Disturbing Golgi lipid order suppresses STING activation
Protein palmitoylation has been implicated in the clustering of a number of proteins30 such as H-ras and Fas into lipid rafts (specific membrane domains enriched in cholesterol and sphingomyelin (SM)). Clustering of STING is proposed to bring TBK1 and IRF3 into close proximity, so that TBK1 can phosphorylate IRF3 (ref. 33). Palmitoylation of STING may facilitate the clustering of STING into lipid rafts at the TGN. Cholesterol is suggested to be enriched at the TGN, and cholesterol together with SM generated by SM synthase 1 are thought to form lipid rafts at the TGN34. Treatment of cells with D-ceramide-C6 disrupts lipid rafts at the Golgi by generating short-chain SM that disturbs the lipid order34. Of note, D-ceramide-C6 inhibited the STING-dependent phosphorylation of TBK1 and IRF3 (Fig. 5a) and the induction of Ifnb and Ifit2 (Fig. 5b–d) without affecting the translocation of STING to the Golgi (Fig. 5e) or the palmitoylation of STING (Fig. 5f). D-ceramide-C6 had only marginal effects on the RLR pathway (Supplementary Fig. 14). L-ceramide-C6, a non-metabolizable enantiomer of D-ceramide-C6, did not inhibit the phosphorylation of TBK1 and IRF3. We propose that palmitoylation allows clustering of STING at the lipid rafts of the TGN, which facilitates the type I interferon response by bringing TBK1 and IRF3 closer to each other (Fig. 5g).

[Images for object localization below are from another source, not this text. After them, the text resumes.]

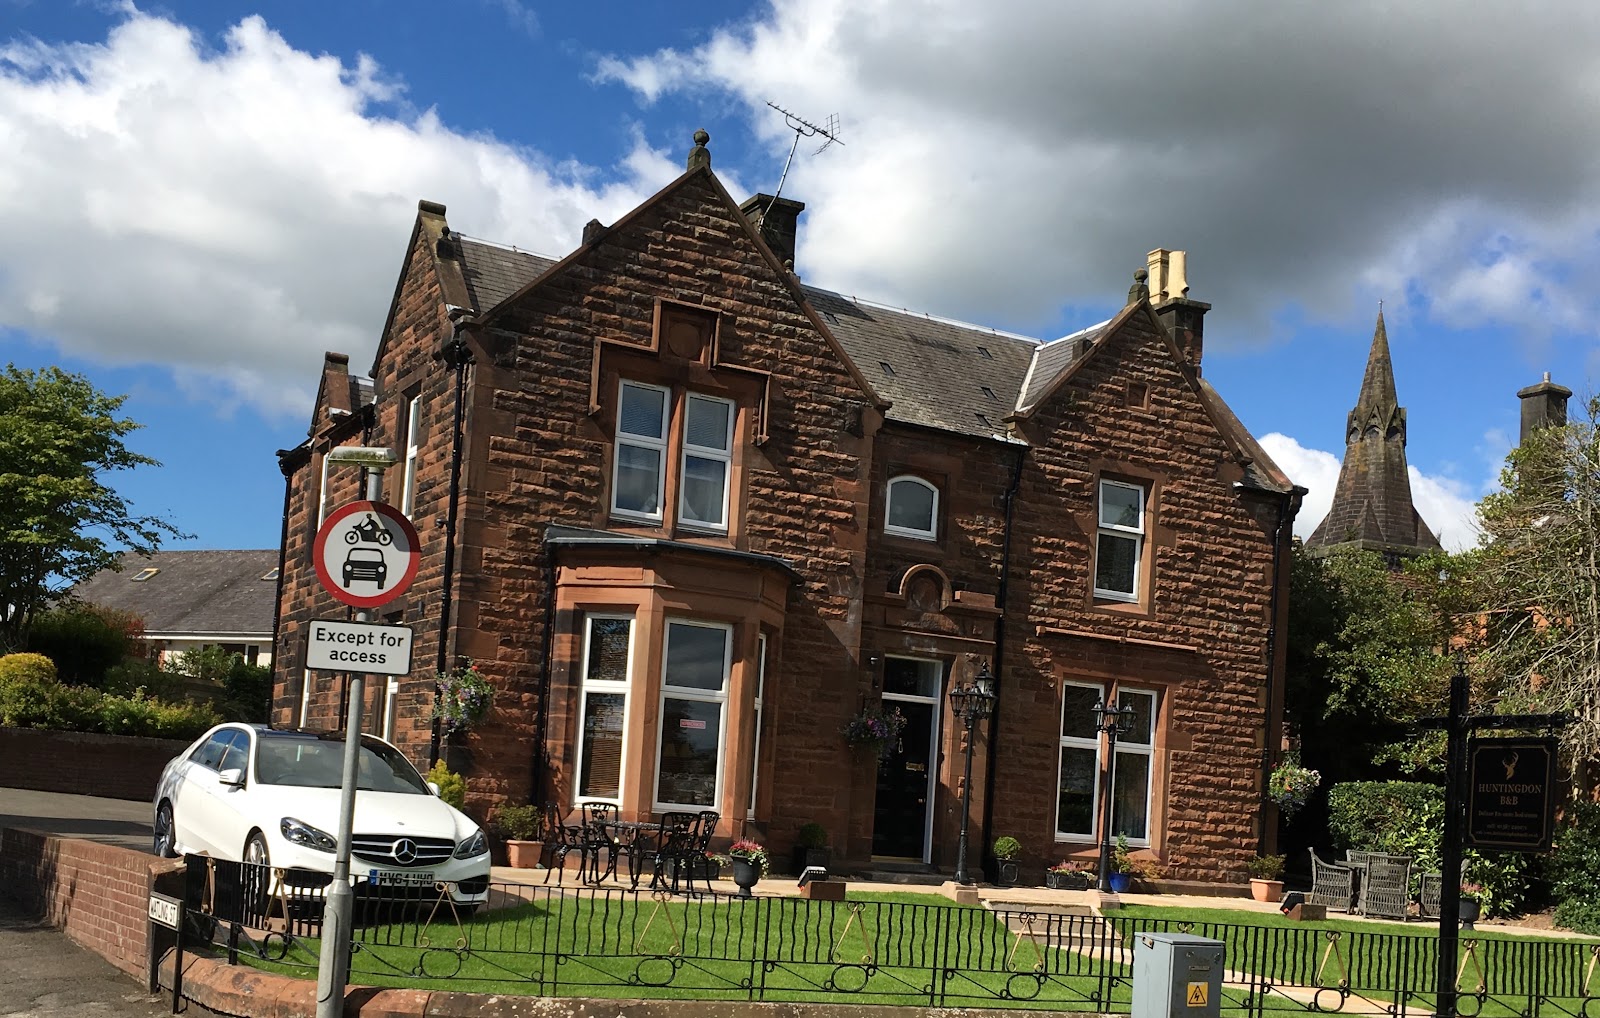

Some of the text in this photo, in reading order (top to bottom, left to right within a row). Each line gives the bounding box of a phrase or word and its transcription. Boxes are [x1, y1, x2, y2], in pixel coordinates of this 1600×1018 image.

[316, 627, 404, 647] Except for
[329, 650, 387, 664] access
[1478, 783, 1542, 794] HUNTINGDON
[1500, 796, 1519, 805] B&B
[150, 898, 177, 924] WATLING ST

Proteins containing DHHC cysteine-rich domains (DHHC proteins) are protein palmitoyltransferases. The human genome encodes 23 DHHC proteins35. By overexpression of individual DHHC proteins in emsCOS-1 cells followed by metabolic labelling with [3H] palmitate, we found that DHHC3, DHHC7 and DHHC15 each increased the [3H] labelling of STING on stimulation (Supplementary Fig. 15a), and that this increase was dependent on their enzymatic activities (Supplementary Fig. 15b). This result may indicate that not all of the total STING was palmitoylated on stimulation, at least in COS-1 cells. DHHC3, DHHC7 and DHHC15 all localized to the Golgi (Supplementary Fig. 15c), suggesting that these DHHC proteins may contribute to the palmitoylation of C88/91 of STING at the Golgi. Since the mobility was not different between STING (WT) and STING (C88/91S) in SDS–PAGE, we could not determine how much of STING was palmitoylated.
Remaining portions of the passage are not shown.